Agreed. A shorter blade like a butterfly sword could be thick enough that it does not flex, but is made from a steel with a springy temper. I have some kukhri made from 5160 spring steel, but are thick and do not flex.
 
Agreed. A shorter blade like a butterfly sword could be thick enough that it does not flex, but is made from a steel with a springy temper. I have some kukhri made from 5160 spring steel, but are thick and do not flex.
The issue is that in modern Wushu performance, springsteel has a very specific connotation, often referred to as "Wushu steel".

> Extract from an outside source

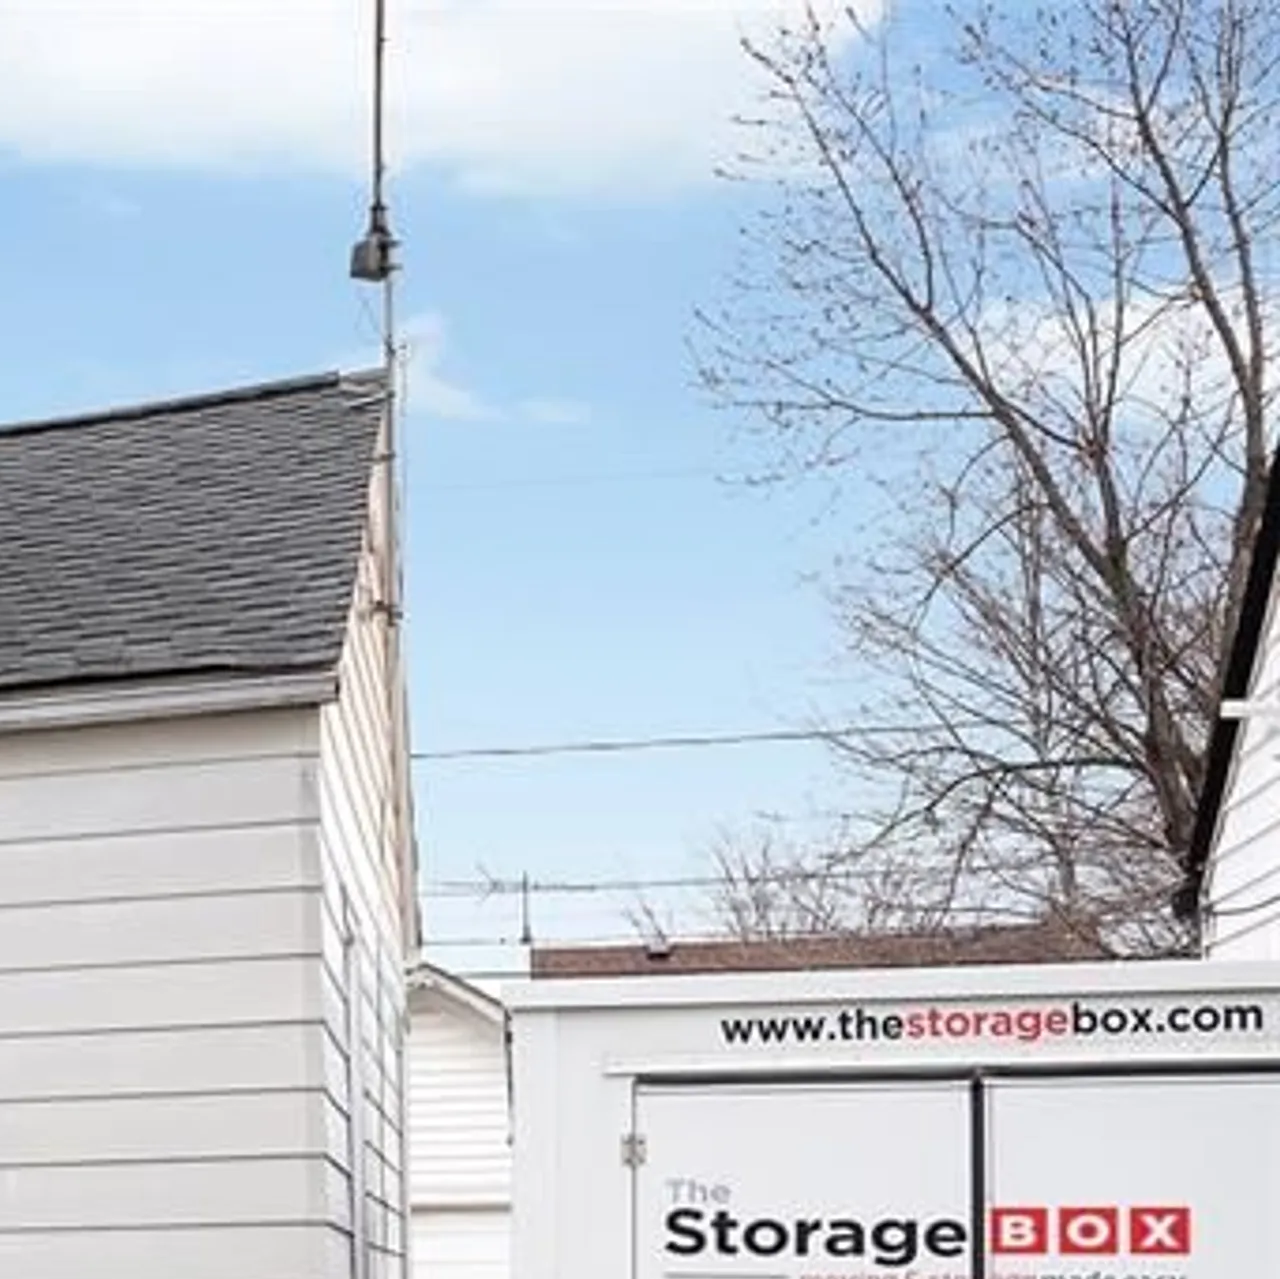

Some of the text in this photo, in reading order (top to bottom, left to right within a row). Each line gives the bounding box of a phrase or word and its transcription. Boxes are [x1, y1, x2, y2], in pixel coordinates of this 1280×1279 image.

That connotation with people who train with real dao is "that's a fake sword". It's slang that came about to differentiate real swords used for sparring and the flashy tinfoil fake ones we've all seen in performances.

I won't sully this wonderful Wing Chun thread with a fake Wushu tinfoil sword.
 
The issue is that in modern Wushu performance, springsteel has a very specific connotation, often referred to as "Wushu steel".

That connotation with people who train with real dao is "that's a fake sword". It's slang that came about to differentiate real swords used for sparring and the flashy tinfoil fake ones we've all seen in performances.

I won't sully this wonderful Wing Chun thread with a fake Wushu tinfoil sword.
True, especially in more recent years. Some of the modern wushu items are swords in shape only, the quality of materials and construction are abysmal. In some cases I am unable to determine what kind of metal the blade is made of, I am doubtful it is steel at all, could be cut from a sheet of aluminum with a chrome plating or something.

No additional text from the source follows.